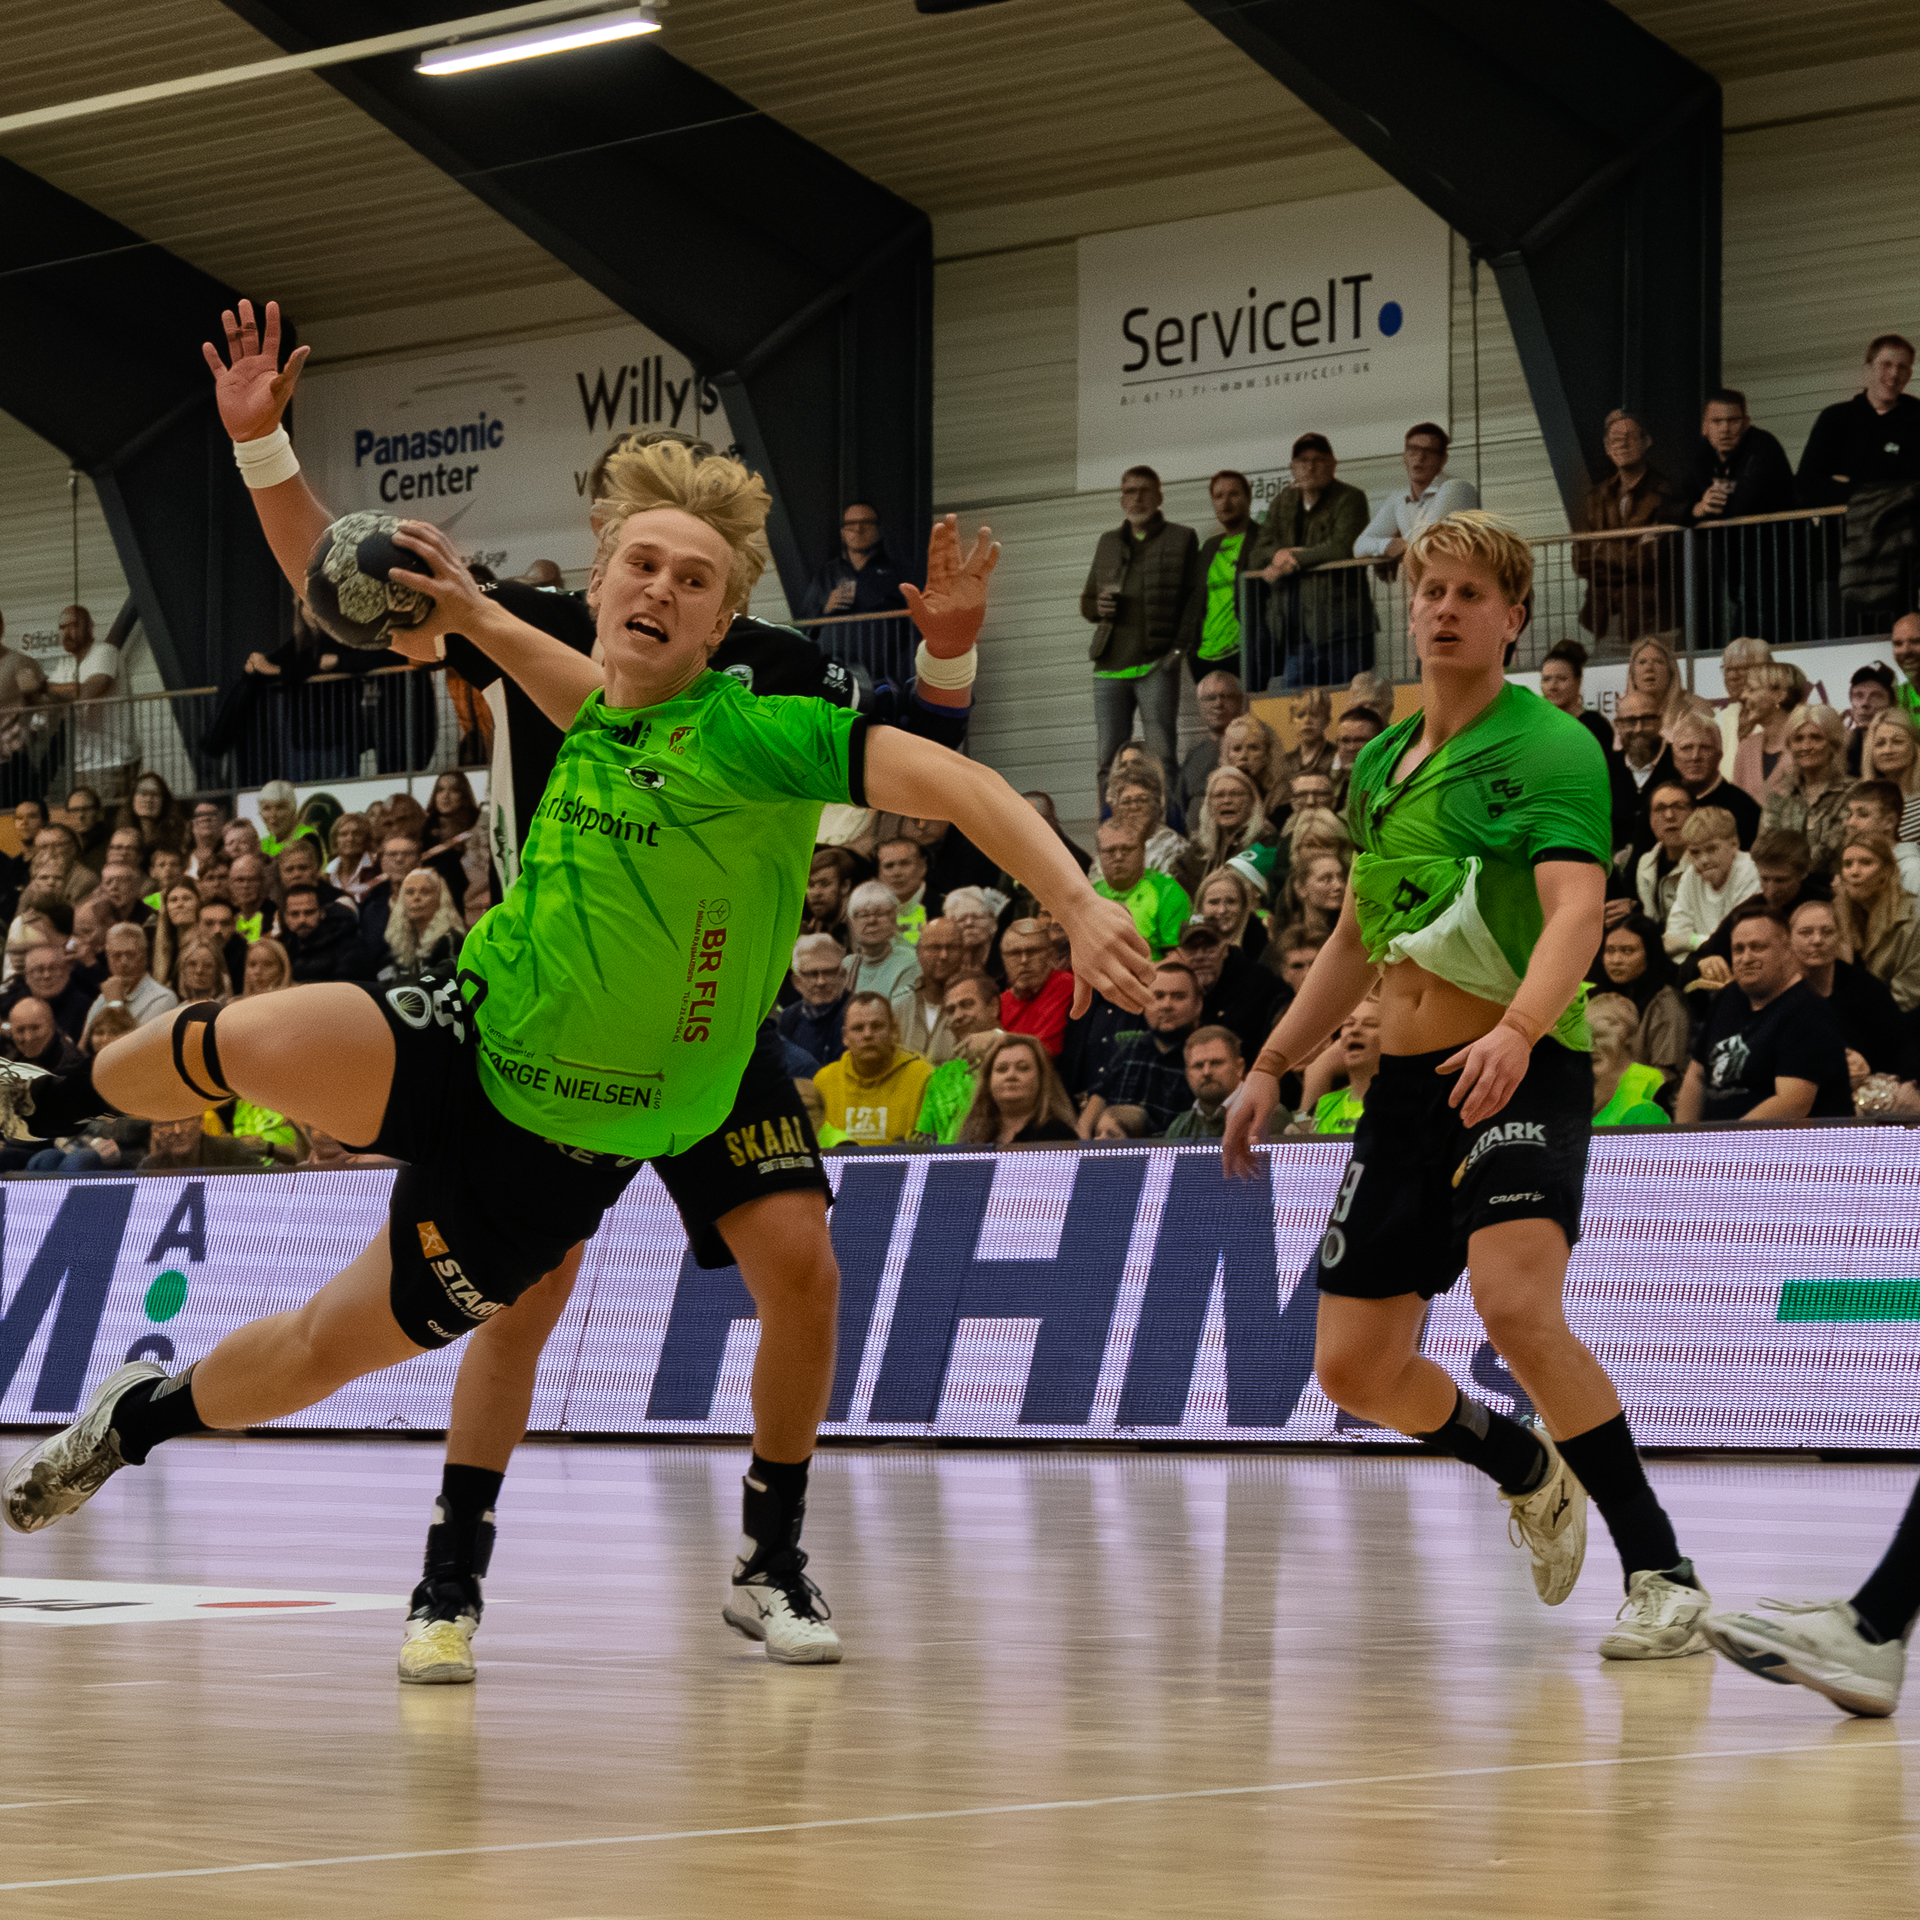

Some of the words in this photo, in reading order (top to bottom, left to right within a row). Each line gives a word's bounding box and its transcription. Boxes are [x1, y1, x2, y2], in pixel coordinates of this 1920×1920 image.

[576, 355, 719, 434] Willys
[355, 411, 504, 467] Panasonic
[379, 463, 479, 503] Center
[546, 790, 660, 847] riskpoint
[697, 928, 727, 973] BR
[682, 980, 718, 1043] FLIS
[554, 1075, 652, 1109] NIELSEN
[725, 1116, 811, 1167] SKAAL
[1468, 1122, 1547, 1165] STARK

§ **Work order**: Everything in the records except the pictures is to be repeated exactly.

§ **Task result**:
Some of the words in this photo, in reading order (top to bottom, left to right within a row). Each line gives a word's bounding box and its transcription. Boxes are [x1, y1, x2, y2], in pixel coordinates of this 1920×1920 image.

[576, 355, 719, 434] Willys
[355, 411, 504, 467] Panasonic
[379, 463, 479, 503] Center
[546, 790, 660, 847] riskpoint
[697, 928, 727, 973] BR
[682, 980, 718, 1043] FLIS
[554, 1075, 652, 1109] NIELSEN
[725, 1116, 811, 1167] SKAAL
[1468, 1122, 1547, 1165] STARK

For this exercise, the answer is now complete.